Would you believe me if I told you that I had to cancel that appointment the morning of because I was vomiting so much that my husband had to come home to take care of the boys?
Yeah, anxiety can do some crazy weird things to our bodies.
If the sleep and emotional issues weren’t enough, I began to feel pain all over my body constantly; I thought I had fibromyalgia. Man, those chiropractor appointments were not helping with the muscle aches and neck tension. I was so exhausted, I thought I had adrenal fatigue- buy more supplements…maybe that will help?
One night I had trouble falling asleep because I couldn’t stop shaking and I was sweating so badly.
Like usual, I turned to Google trying to figure out what these symptoms were pointing to.
Oh my goodness, night sweats are a sign of lymphoma! So is easily bruising…where are all of the massive bruises coming from?!

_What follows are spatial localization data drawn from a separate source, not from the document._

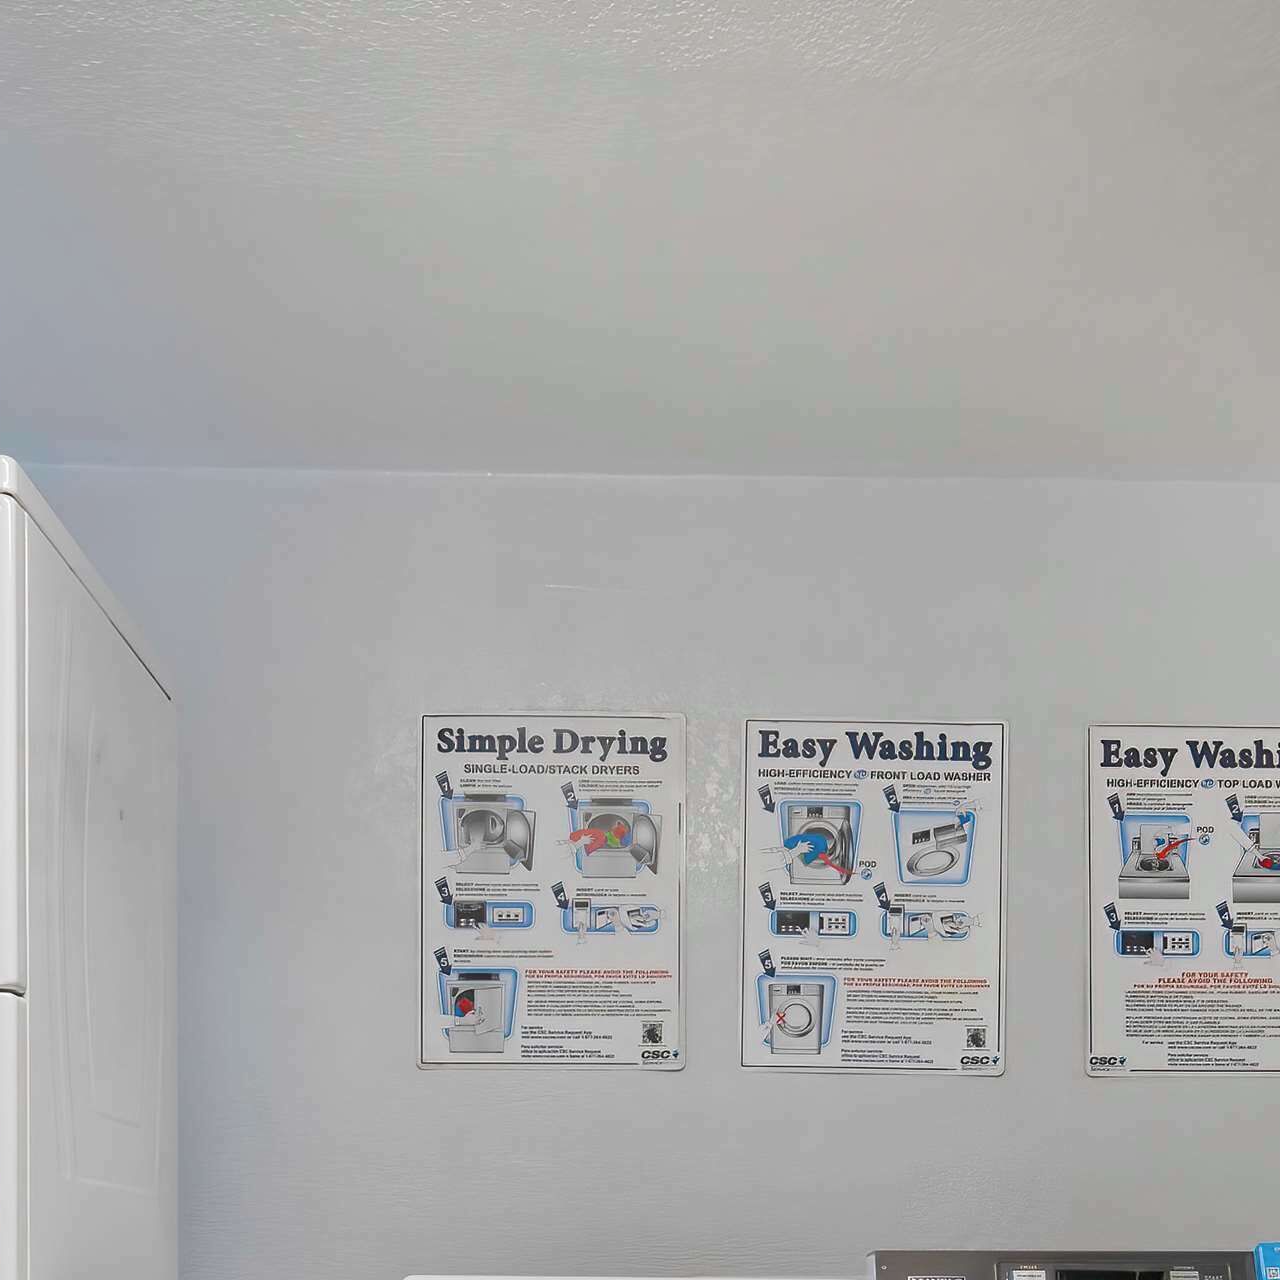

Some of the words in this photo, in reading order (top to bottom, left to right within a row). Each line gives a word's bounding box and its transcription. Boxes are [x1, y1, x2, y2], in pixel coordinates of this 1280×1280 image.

[437, 727, 544, 760] Simple
[553, 729, 668, 762] Drying
[758, 729, 838, 767] Easy
[846, 731, 993, 770] Washing
[1100, 740, 1178, 776] Easy
[464, 764, 588, 775] SINGLE-LOAD/STACK
[591, 765, 639, 775] DRYERS
[758, 769, 852, 779] HIGH-EFFICIENCY
[870, 771, 907, 780] FRONT
[910, 771, 941, 781] LOAD
[943, 772, 991, 782] WASHER
[1107, 779, 1199, 788] HIGH-EFFICIENCY
[1217, 780, 1239, 789] TOP
[1242, 780, 1273, 789] LOAD
[889, 795, 897, 805] 2
[1232, 805, 1239, 813] 2
[1196, 826, 1214, 834] POD
[858, 860, 877, 868] POD
[441, 887, 448, 896] 3
[440, 958, 447, 966] 5
[764, 959, 771, 969] 5
[641, 1050, 670, 1059] CSC
[961, 1056, 990, 1064] CSC
[1089, 1056, 1117, 1065] CSC
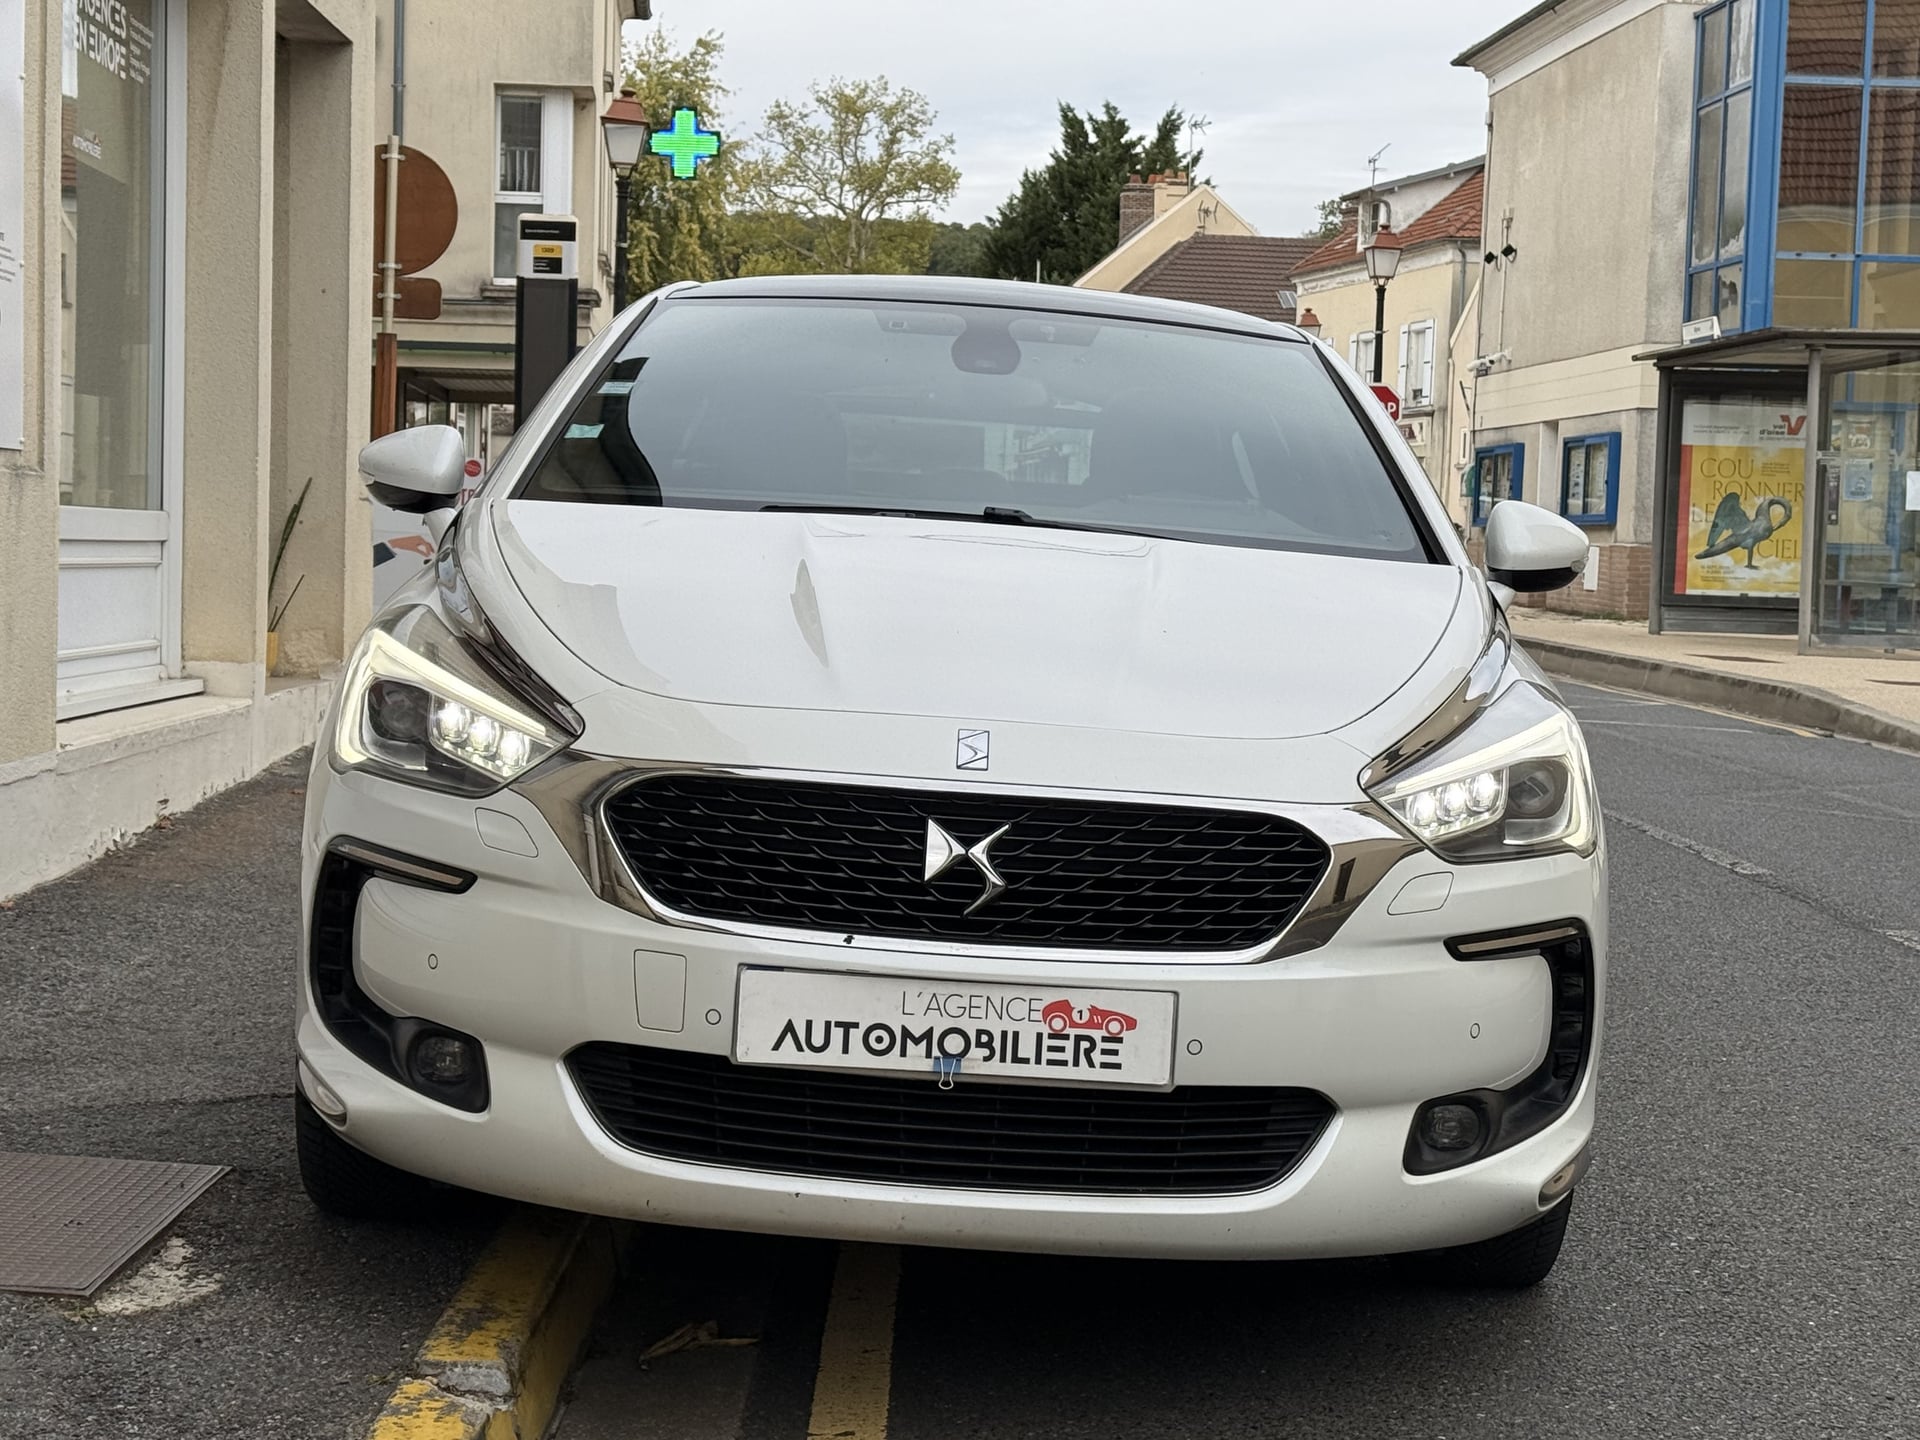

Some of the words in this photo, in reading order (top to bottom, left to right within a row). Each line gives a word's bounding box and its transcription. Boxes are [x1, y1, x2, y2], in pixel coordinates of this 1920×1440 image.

All of this brought me to tears constantly. I was irritable with my boys over the smallest things. Any time I would think about this mole and all of the other issues I was experiencing, I would crumble. It all utterly consumed my mind for months at this point. I couldn’t talk to my husband about it anymore because he was just so tired of hearing about it and kept telling me that it was probably nothing. I wanted to believe him. I felt out of my mind crazy, you guys.
Then in early November, the day finally came for my appointment with the dermatologist.
As I was driving to my appointment, I just began singing the Bridge to Housefires “Good, Good Father” over and over.
“You are perfect in all of Your ways…to us…”
As I sat in the exam room, in my gown and socks, I felt God’s peace for the first time in many, many weeks. The doctor was so friendly and reassuring. She was confident that the reason my mole was growing was because of the fluctuation of hormones my body has been exposed to for over a year with pregnancy and now nursing. She took a look at it with her microscope and told me she was not alarmed, but would like to remove it for my peace of mind in a month. I felt such a weight lifted and joy flood my heart!
But when I came home, the enemy began to whisper: “But what if they still find something once they send it to the lab?” And “what about all this pain you have had around your lymph nodes and chest?”
For the first time during all of this, I took the thoughts captive and cast them down, bringing them to Jesus.
Then exactly a week later, while I was taking the dog out, my underarms started hurting all of a sudden. I went to rub them and felt this huge lump.
My heart sank. Why would my lymph nodes under my arms be swollen?